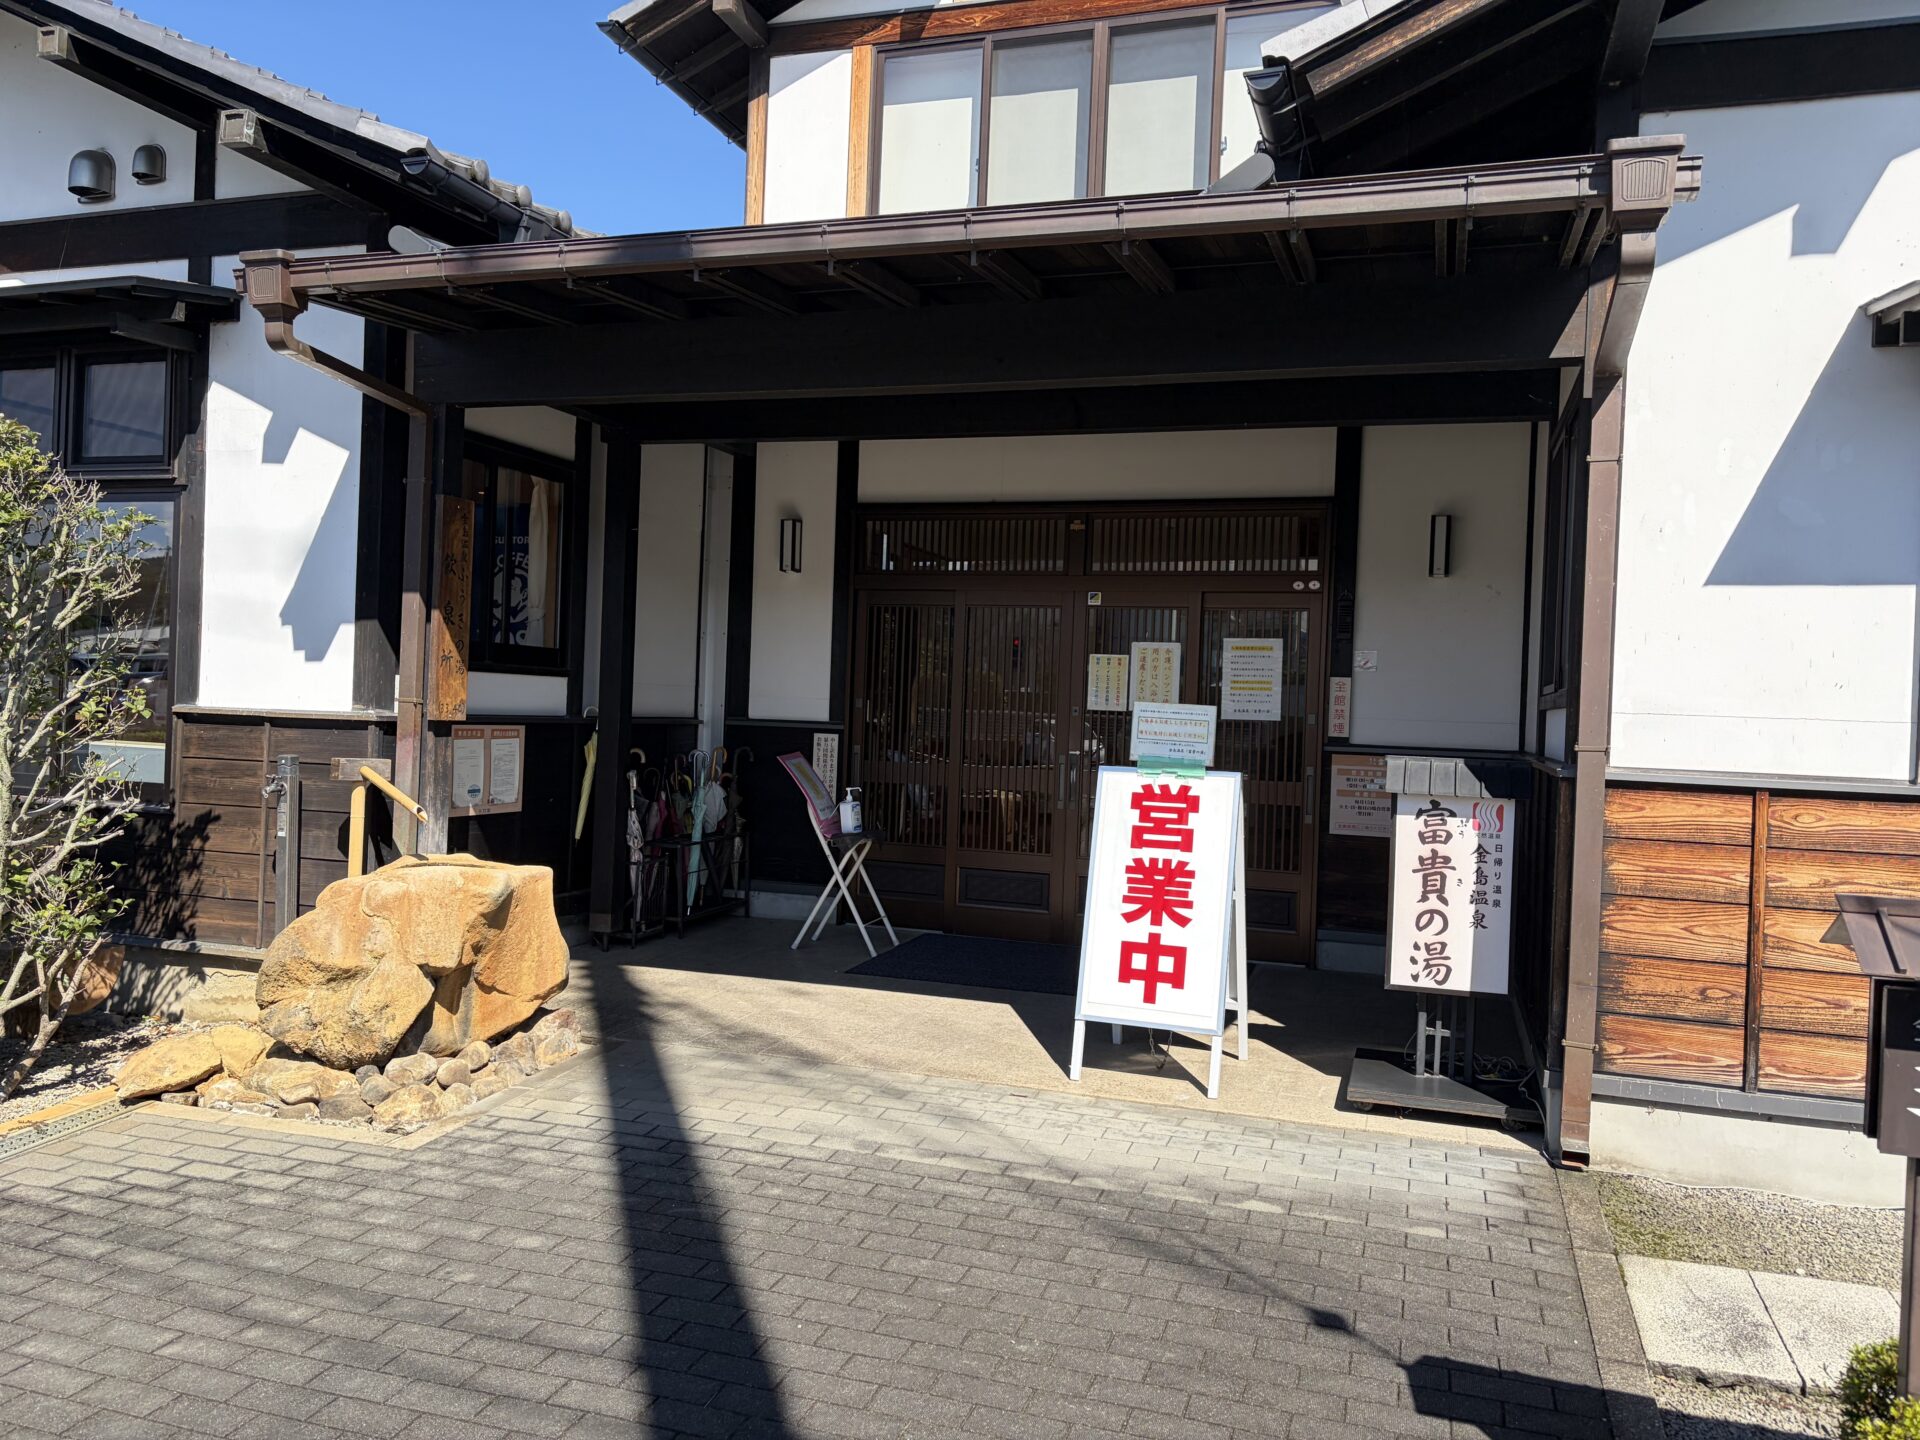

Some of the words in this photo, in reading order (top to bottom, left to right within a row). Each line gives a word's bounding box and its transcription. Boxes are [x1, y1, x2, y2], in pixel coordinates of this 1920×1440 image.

[1333, 680, 1346, 734] 全館禁煙
[1119, 784, 1200, 1004] 営業中
[1410, 799, 1458, 987] 富貴の湯
[1469, 843, 1492, 929] 金島温泉
[1492, 843, 1503, 908] 日帰り温泉

^^^^

▶ Required action: Would you copy each line above exactly as given, dropping any images?

▶ Result of the exercise:
Some of the words in this photo, in reading order (top to bottom, left to right within a row). Each line gives a word's bounding box and its transcription. Boxes are [x1, y1, x2, y2], in pixel coordinates of this 1920×1440 image.

[1333, 680, 1346, 734] 全館禁煙
[1119, 784, 1200, 1004] 営業中
[1410, 799, 1458, 987] 富貴の湯
[1469, 843, 1492, 929] 金島温泉
[1492, 843, 1503, 908] 日帰り温泉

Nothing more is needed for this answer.